At a glance
ClinicalIndex Comparison RecordStandardized by ClinicalIndex from the ClinicalTrials.gov record · verify against the source.
A PHASE 1, OPEN-LABEL, PARALLEL-GROUP, SINGLE-DOSE STUDY IN HEALTHY ADULT MALE PARTICIPANTS TO INVESTIGATE THE ABSORPTION, DISTRIBUTION, METABOLISM AND EXCRETION OF [14C]-PF-07220060 AND TO ASSESS THE ABSOLUTE BIOAVAILABILITY AND FRACTION ABSORBED OF PF-07220060 USING A 14C-MICROTRACER APPROACH
In Brief
A Phase 1 clinical trial evaluating Oral [14C]PF-07220060, Oral PF-07220060, and 1 other intervention for Healthy Participants.
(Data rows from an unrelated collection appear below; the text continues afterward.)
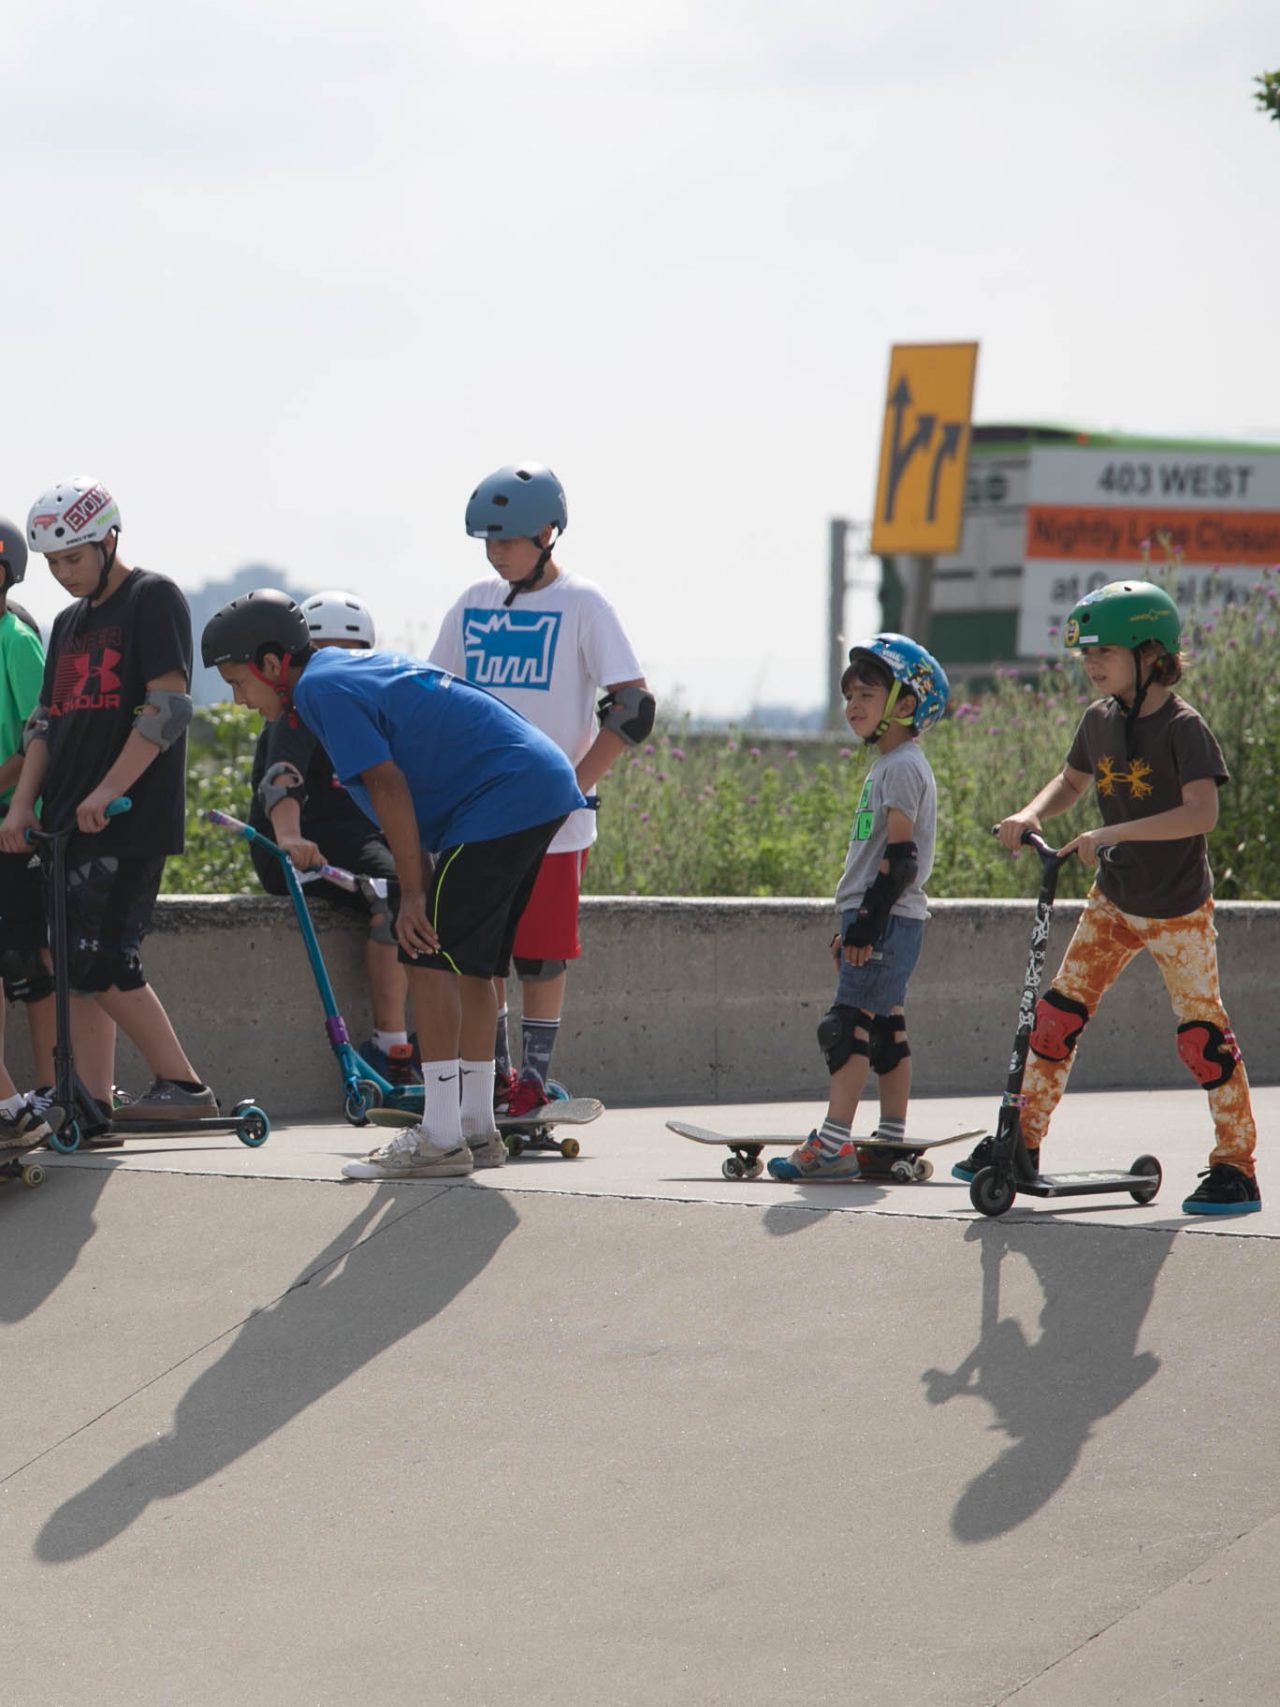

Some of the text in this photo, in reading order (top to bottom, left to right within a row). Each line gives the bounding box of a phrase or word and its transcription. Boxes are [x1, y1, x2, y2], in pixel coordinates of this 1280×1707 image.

[1097, 462, 1252, 497] 403 WEST
[1033, 513, 1118, 554] Nightly
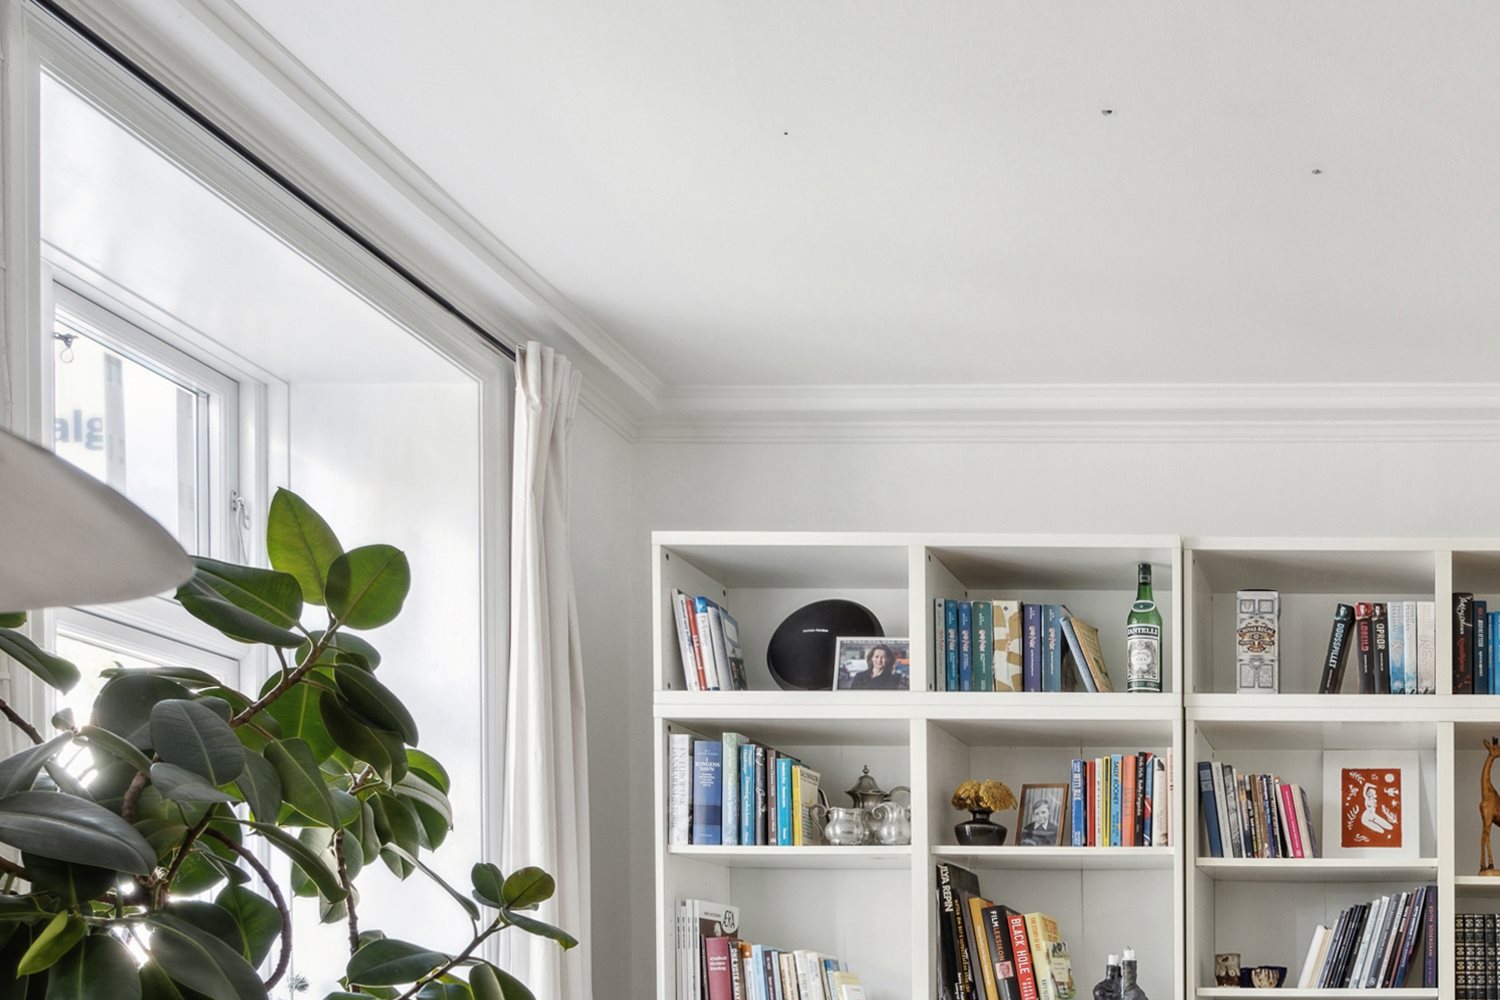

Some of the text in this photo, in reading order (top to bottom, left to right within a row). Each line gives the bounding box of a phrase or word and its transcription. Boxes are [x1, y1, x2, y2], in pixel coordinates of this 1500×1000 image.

[942, 885, 954, 912] REPIN
[1010, 918, 1030, 975] BLACK HOLE
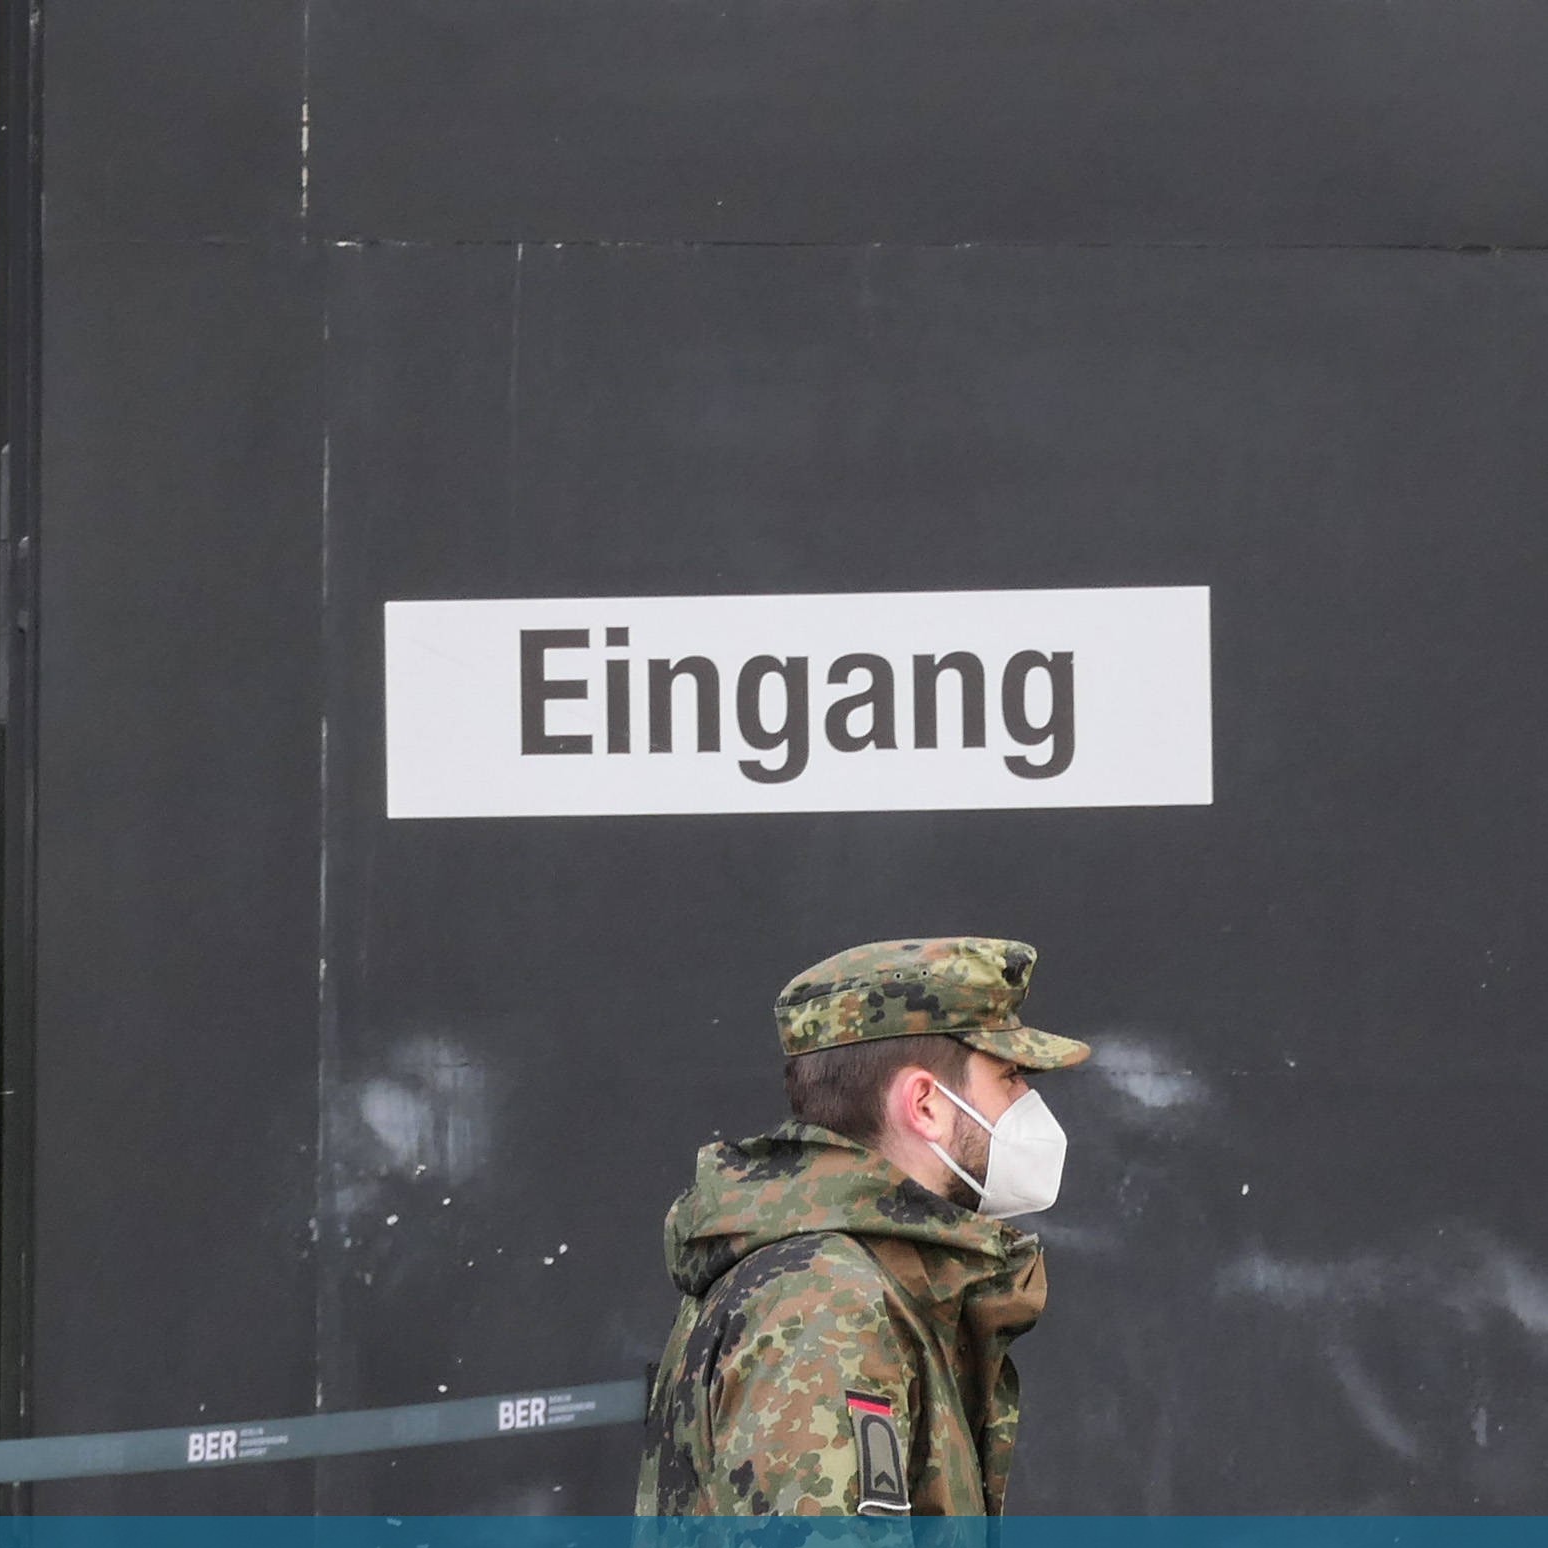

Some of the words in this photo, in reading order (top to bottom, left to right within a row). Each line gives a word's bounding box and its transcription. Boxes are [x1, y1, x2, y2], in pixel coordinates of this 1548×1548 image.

[519, 626, 1076, 785] Eingang
[498, 1397, 546, 1431] BER
[188, 1430, 237, 1463] BER
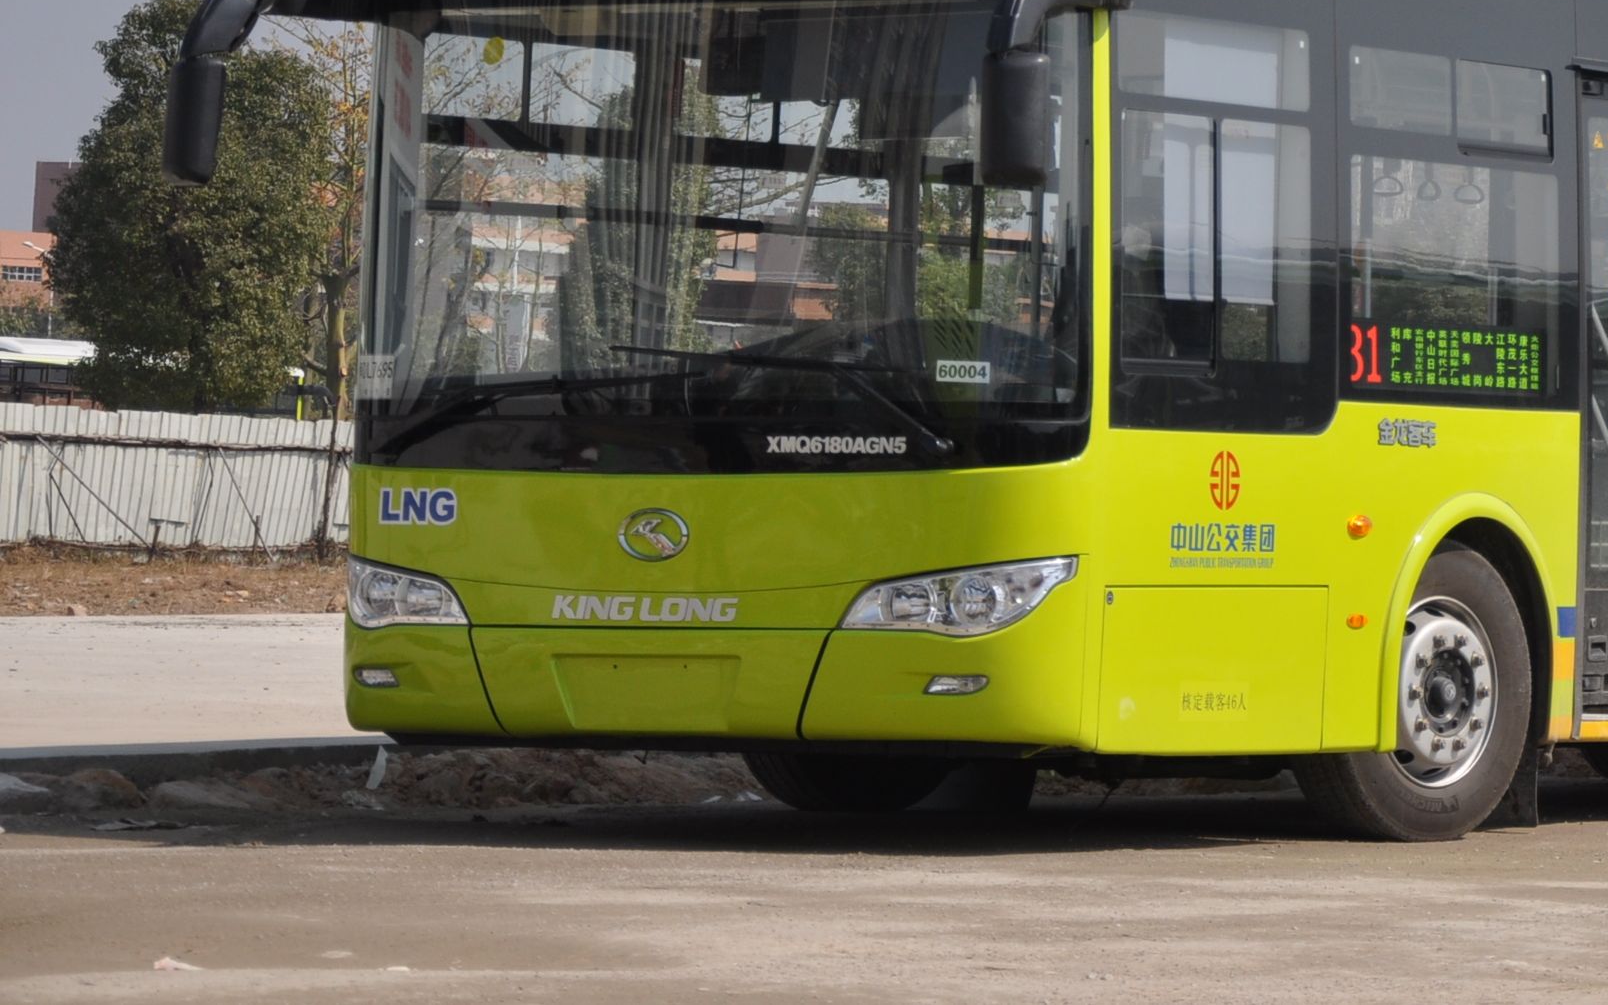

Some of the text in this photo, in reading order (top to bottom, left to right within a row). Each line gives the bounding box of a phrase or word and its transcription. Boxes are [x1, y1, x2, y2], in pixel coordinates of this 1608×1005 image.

[1390, 327, 1401, 383] 利和广场
[1426, 329, 1436, 385] 中山日报
[938, 364, 988, 380] 60004
[766, 435, 907, 455] XMQ6180AGN5
[1378, 418, 1437, 448] 金龙客车
[380, 489, 457, 524] LNG
[1170, 523, 1275, 552] 中山公交集团
[551, 596, 739, 623] KING LONG
Completed, enrolled 12 participants across 1 site.
Detailed Summary
The purpose of this study is to learn about how much PF-07220060 will be taken up and processed by healthy male participants. The study is seeking for participants who: * are males aged 18 to 65 years and are healthy. * have Body mass index (BMI) between 17.5 and 30.5 kilograms/meter2 * have a total body weight of at least 50 kilograms. The study consists of two groups. In group 1, participants will take one amount of PF-07220060 by mouth. In group 2, participants will take one amount by mouth and one amount as an injection through a vein at the study clinic. In group 1, participants will stay at the clinic site for up to 15 days. In group 2, the duration of participants' stay depends on the results of group 1. During their stays, participants will have their blood, urine, and feces collected by the study doctors several times. We will measure the level of PF-07220060 in participants' blood, urine, and feces samples. This will help to know how much the study medicine is getting taken up by the body. At the end of the study, participants will be contacted by phone to check in. Participants will be involved in this study for about 9 weeks from the screening until the follow-up.
Study Details
Timeline
Interventions
A single oral dose of \[14C\]PF-07220060, will be administered as a liquid formulation in Cohort 1.
A single oral dose of PF-07220060, will be administered as a liquid formulation in Cohort 2.
A single IV infusion of \[14C\]PF-07220060 will be administered in Cohort 2 at Tmax after the administration of the unlabeled oral dose.